Exercise prompt:
Every entry below is to be copied exactly, apart from any picture it holds.

[[ Data for processing, beginning ]]

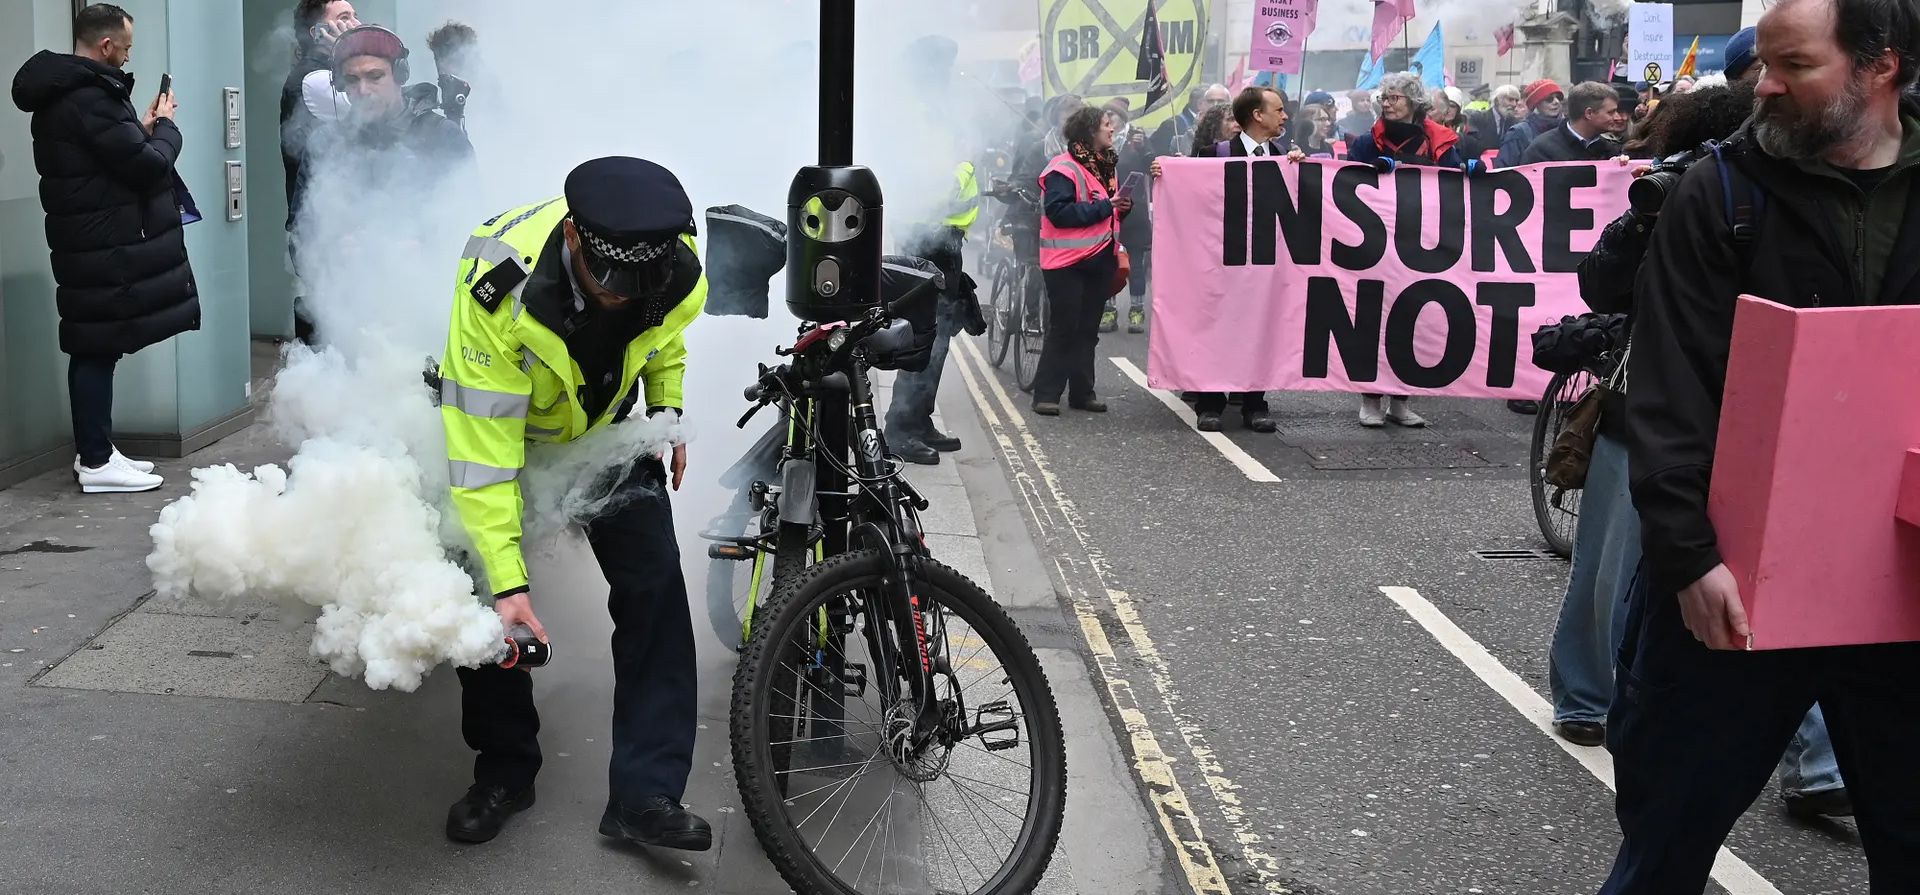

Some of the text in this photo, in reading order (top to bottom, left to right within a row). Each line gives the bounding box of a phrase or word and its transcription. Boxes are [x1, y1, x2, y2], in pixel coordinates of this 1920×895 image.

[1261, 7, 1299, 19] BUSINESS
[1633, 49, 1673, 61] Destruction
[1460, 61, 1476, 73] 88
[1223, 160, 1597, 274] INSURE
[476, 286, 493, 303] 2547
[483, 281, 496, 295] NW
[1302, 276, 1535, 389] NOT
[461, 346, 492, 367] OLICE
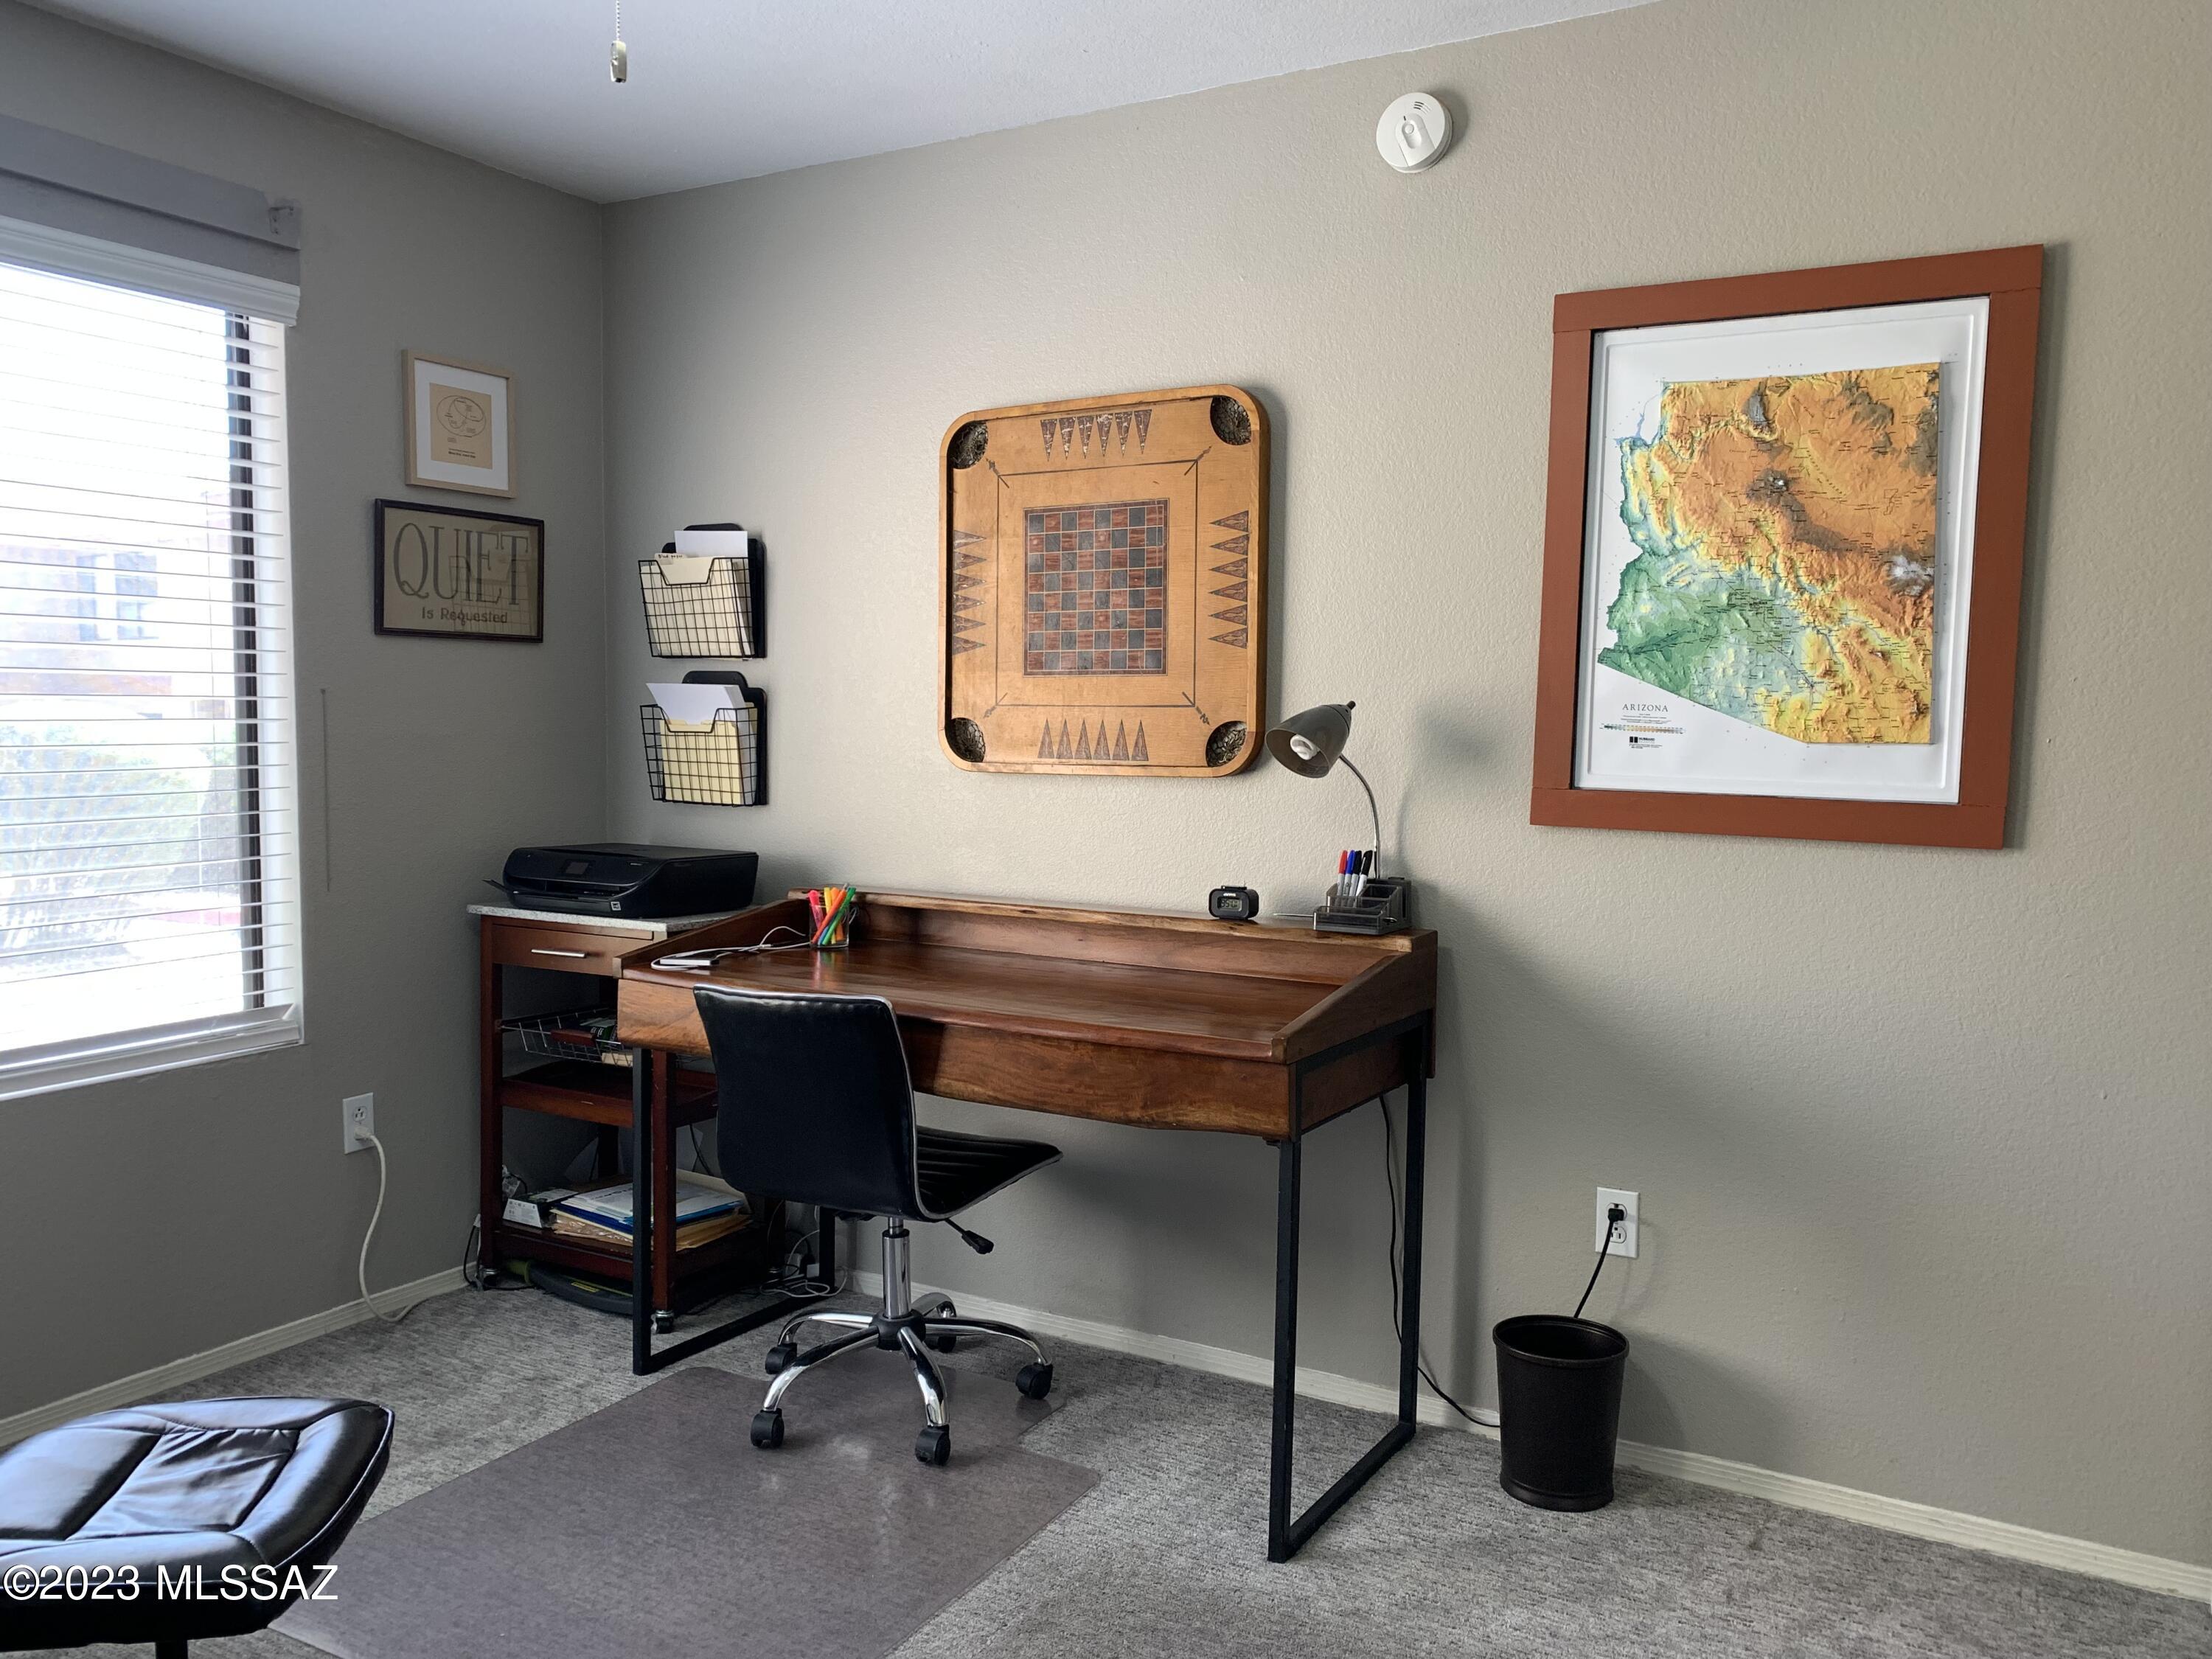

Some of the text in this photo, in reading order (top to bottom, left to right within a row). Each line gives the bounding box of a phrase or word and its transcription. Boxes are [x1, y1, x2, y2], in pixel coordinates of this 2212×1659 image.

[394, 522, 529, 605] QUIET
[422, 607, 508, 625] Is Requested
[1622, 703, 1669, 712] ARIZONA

[[ Data for processing, end ]]

Exercise answer:
Some of the text in this photo, in reading order (top to bottom, left to right within a row). Each line gives the bounding box of a phrase or word and its transcription. Boxes are [x1, y1, x2, y2], in pixel coordinates of this 1920×895 image.

[1261, 7, 1299, 19] BUSINESS
[1633, 49, 1673, 61] Destruction
[1460, 61, 1476, 73] 88
[1223, 160, 1597, 274] INSURE
[476, 286, 493, 303] 2547
[483, 281, 496, 295] NW
[1302, 276, 1535, 389] NOT
[461, 346, 492, 367] OLICE

Some of the text in this photo, in reading order (top to bottom, left to right within a row). Each line gives the bounding box of a phrase or word and its transcription. Boxes are [x1, y1, x2, y2], in pixel coordinates of this 2212×1659 image.

[394, 522, 529, 605] QUIET
[422, 607, 508, 625] Is Requested
[1622, 703, 1669, 712] ARIZONA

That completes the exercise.